I am still working on the issue with individual URLs within the sitemap not being escaped properly, my expectation is that this fix will go live around Thursday this week (12/16).
Thank you to everyone for letting me know about this and your patience. A special thank you to the Smugmug user who graciously gave me access to your Google account, your kindness saved me a weekend's worth of work (on my birthday even) tracking this down.
- Greg
Thanks for looking at it Greg,
- Christos
christosandronis.smugmug.com
facebook - my facebook page please LIKE me!
This is more in the domain of Google's algorithms. My experience is that it usually takes a few days for the sitemaps to get fetched and processed, and the bots start coming to crawl the new or updated URLs. There's a bit of "black box" magic that happens at Google behind the scenes on this and a lot of different factors go into how frequently they will crawl and/or index new content.
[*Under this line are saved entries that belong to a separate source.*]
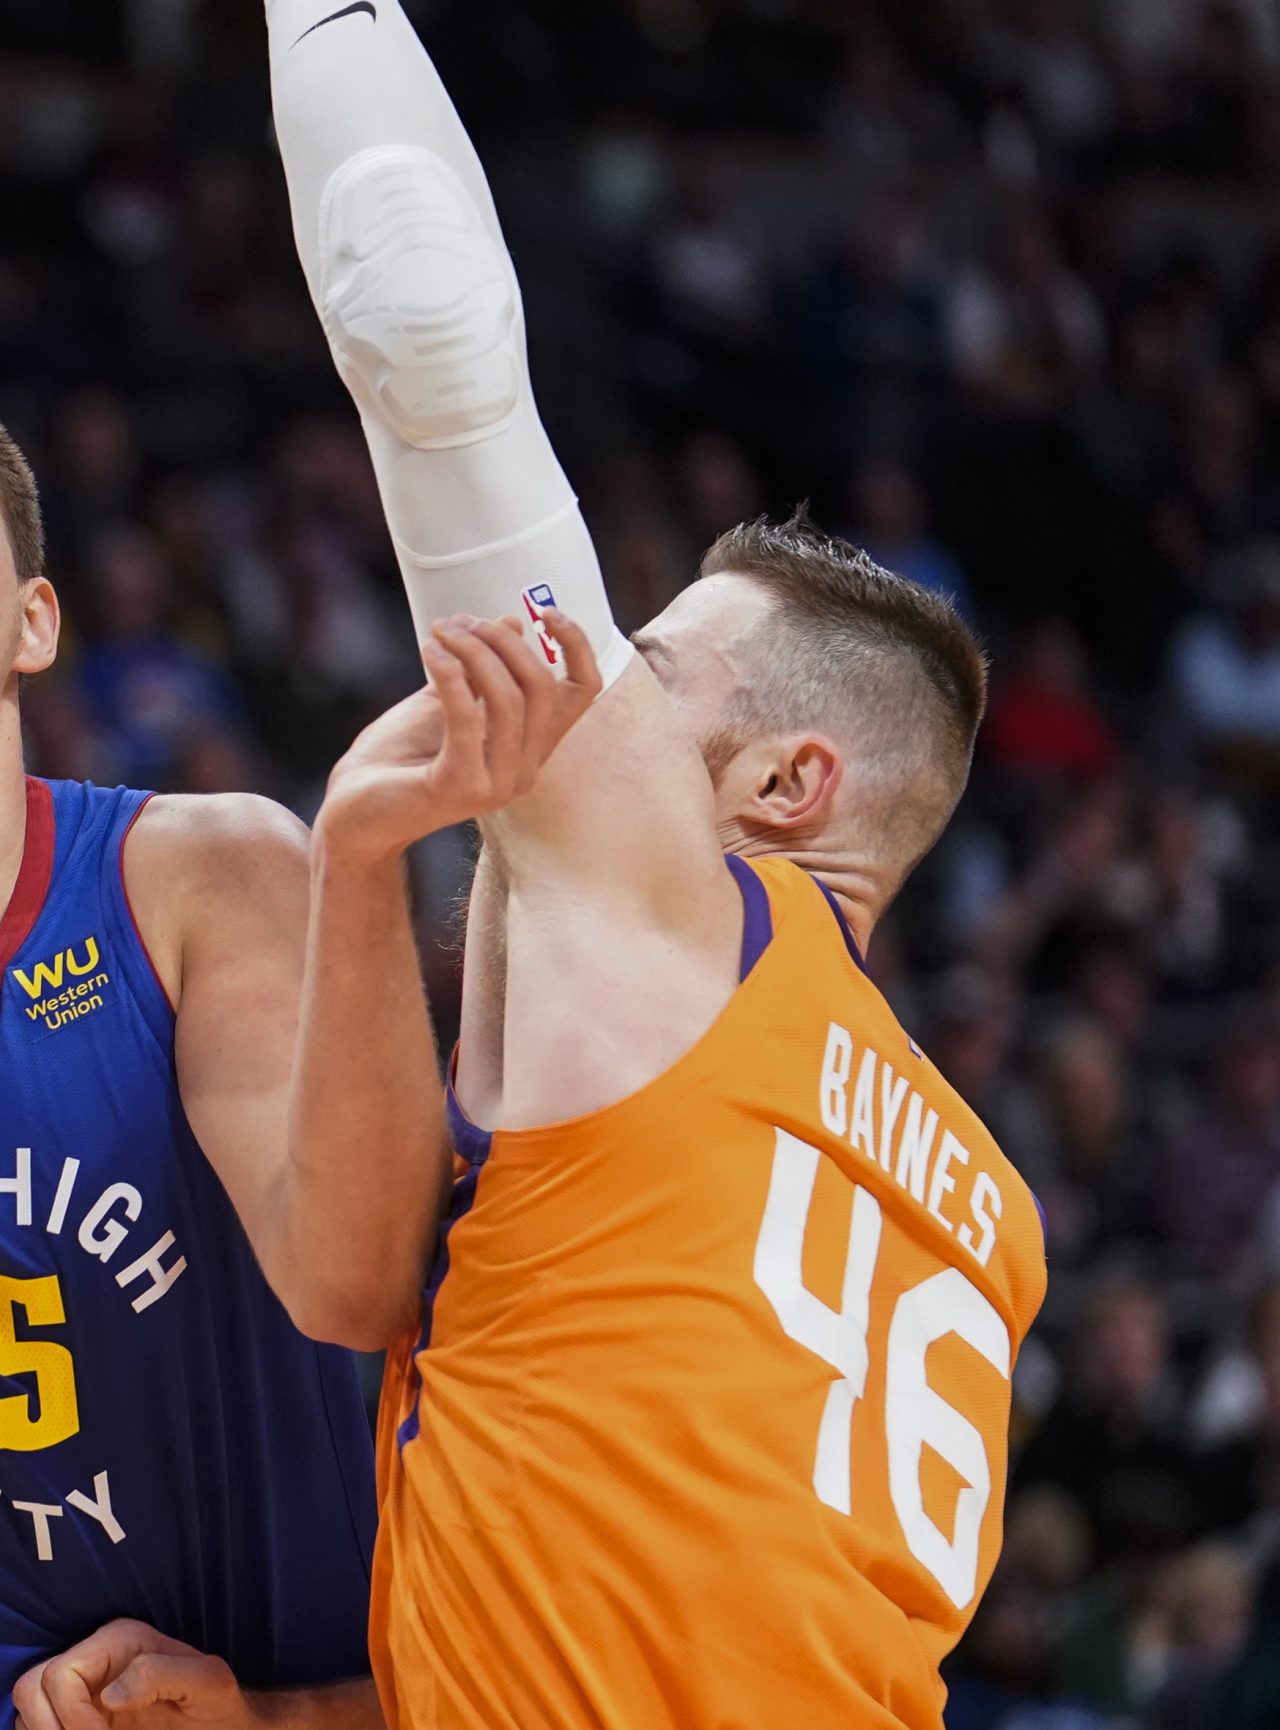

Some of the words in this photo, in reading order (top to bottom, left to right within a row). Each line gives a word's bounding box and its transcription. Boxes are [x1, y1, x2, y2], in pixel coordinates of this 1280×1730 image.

[13, 936, 99, 1000] WU
[25, 973, 109, 1021] Western
[45, 995, 103, 1030] Union
[821, 1022, 1002, 1267] BAYNES
[753, 1126, 1011, 1610] 46
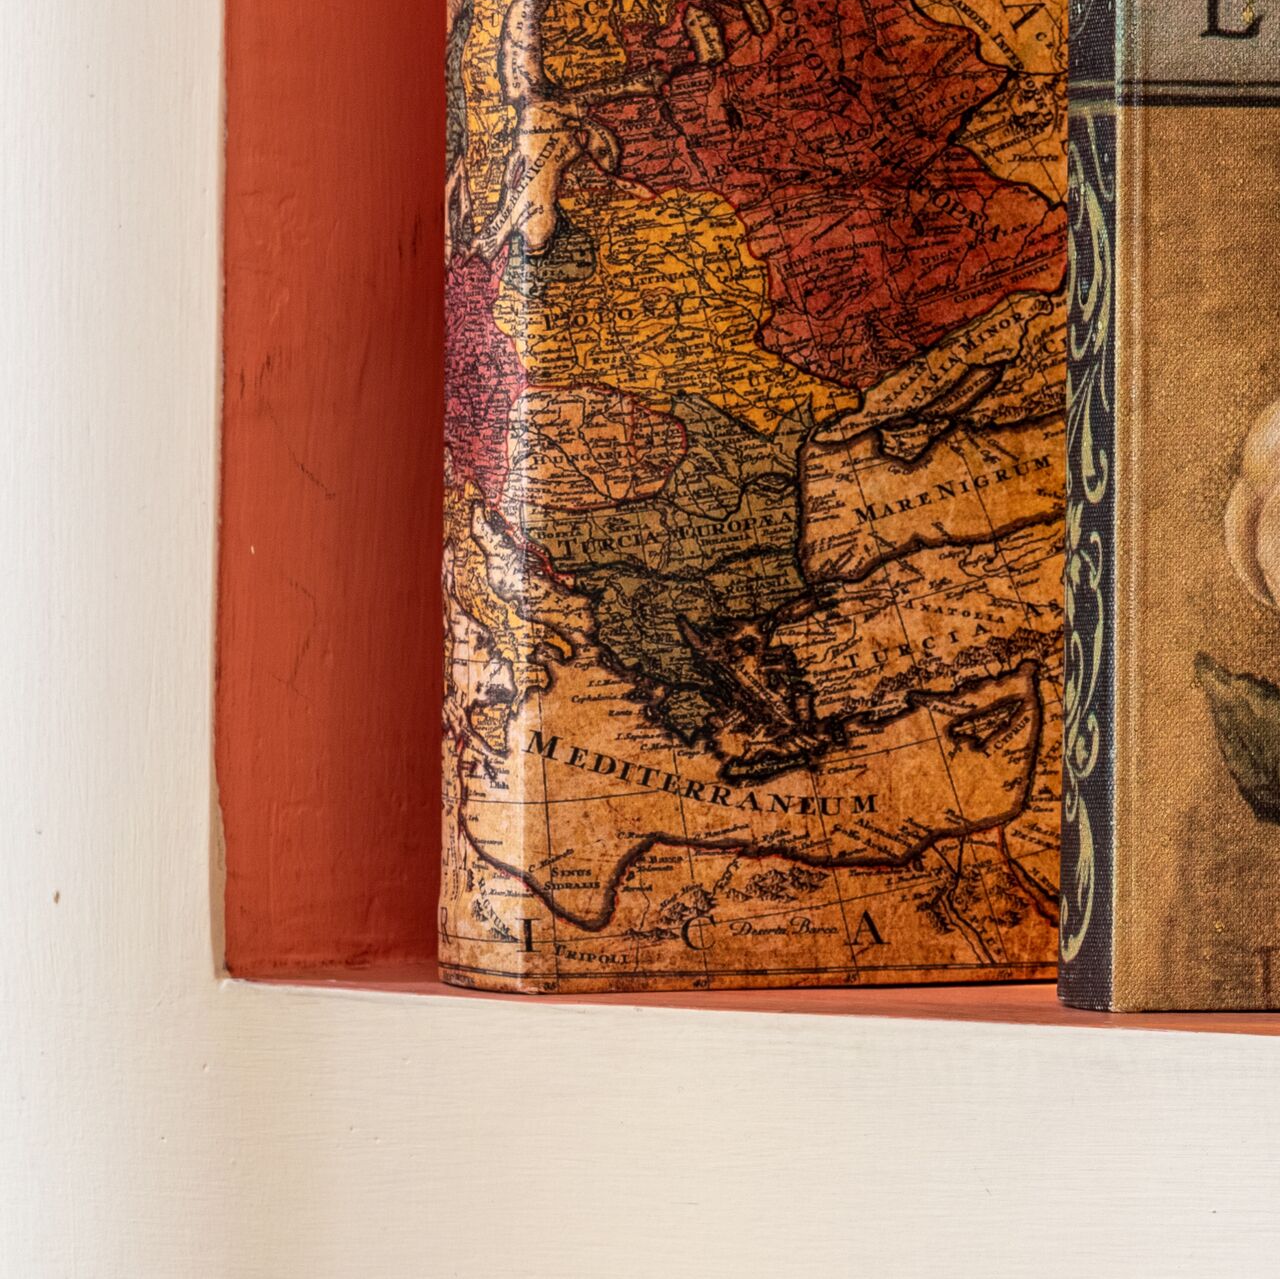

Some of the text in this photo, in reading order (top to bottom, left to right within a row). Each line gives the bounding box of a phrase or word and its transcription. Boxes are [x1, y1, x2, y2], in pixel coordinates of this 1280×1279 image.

[854, 492, 932, 524] MARE
[934, 454, 1053, 500] NIGRUM
[522, 729, 879, 817] MEDITERRANEUM
[551, 867, 593, 878] SINUS
[555, 943, 633, 965] TRIPOLI
I'm a little worried about saying "X is going to happen by Y date" because what Google does with the sitemaps is obviously out of our control.
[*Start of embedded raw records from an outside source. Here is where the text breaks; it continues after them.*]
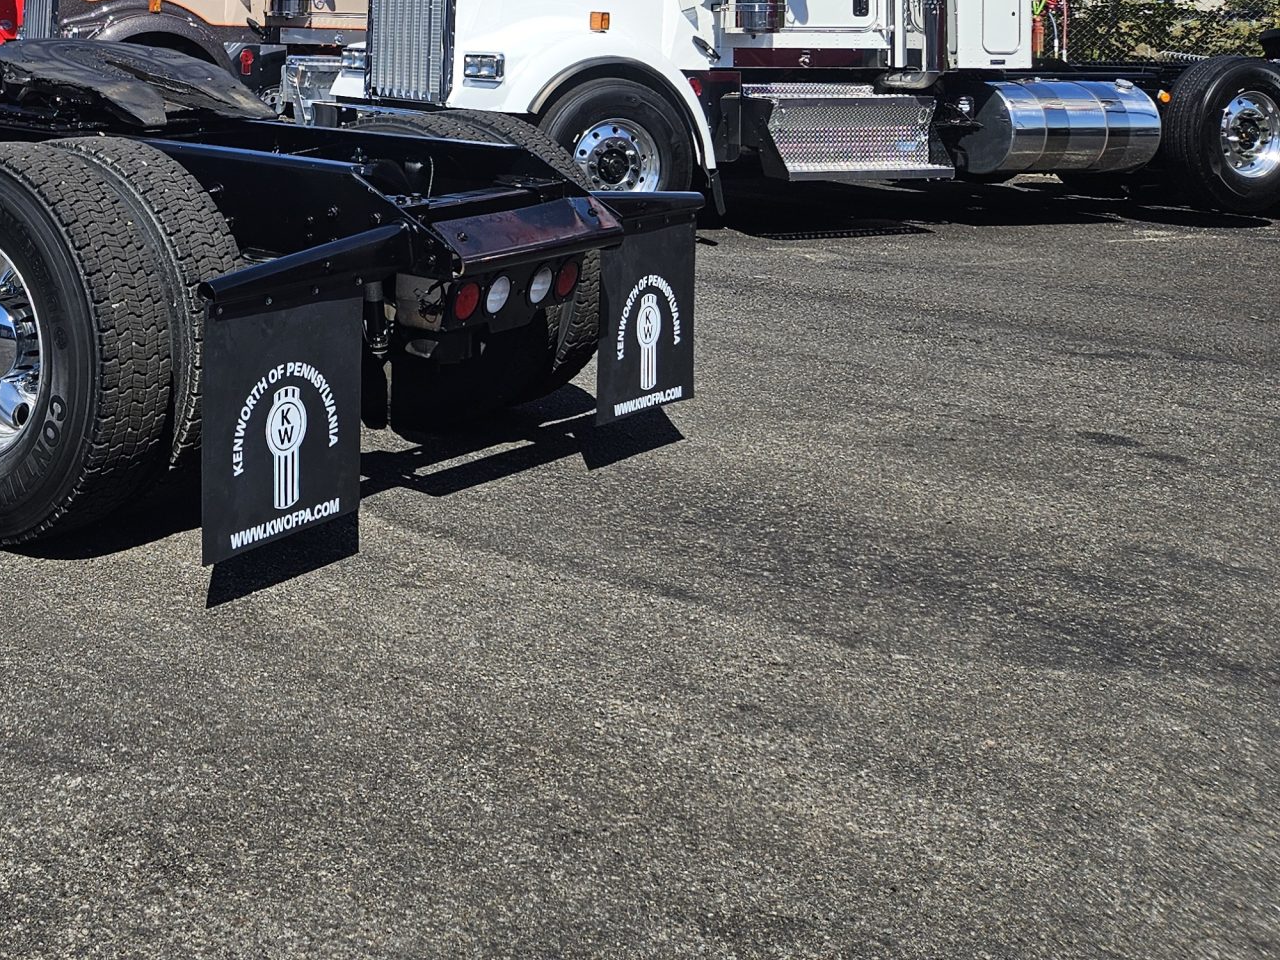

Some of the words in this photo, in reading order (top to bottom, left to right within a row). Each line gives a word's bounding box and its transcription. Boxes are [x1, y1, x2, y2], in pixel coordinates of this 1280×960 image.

[617, 287, 640, 361] KENWORTH
[638, 275, 648, 291] OF
[648, 274, 681, 346] PENNSYLVANIA
[232, 377, 269, 477] KENWORTH
[268, 363, 285, 384] OF
[286, 361, 339, 448] PENNSYLVANIA
[614, 386, 682, 417] WWW.KWOFPA.COM
[230, 497, 340, 550] WWW.KWOFPA.COM
Bottom line is: Pending status is good. That means Google was able to pull the sitemaps and is sorting out what to do next. When they come out of Pending status if you see some yellow triangles with "!" marks on them for some URLs, do not be too alarmed - that is the URL escaping issue I mentioned.
- Greg
they are in "!" status now, thanks again for your help so far.
facebook - my facebook page please LIKE me!
Just FYI, the "!" status (if you click it) probably just means that there are some URLs in the sitemap that were not correctly formatted - so Google could not fetch them. If you can verify that is what you are seeing I'd really appreciate it
- Greg
the index is stil pending, the base has a tick and galleries/images has "!" Going into galleries/images the error message is -
"
URLs unreachable
When we tested a sample of the URLs from your Sitemap, we found that some of the URLs were unreachable. Please check your webserver for possible misconfiguration, as these errors may be caused by a server error (such as a 5xx error) or a network error between Googlebot and your server. All reachable URLs will still be submitted."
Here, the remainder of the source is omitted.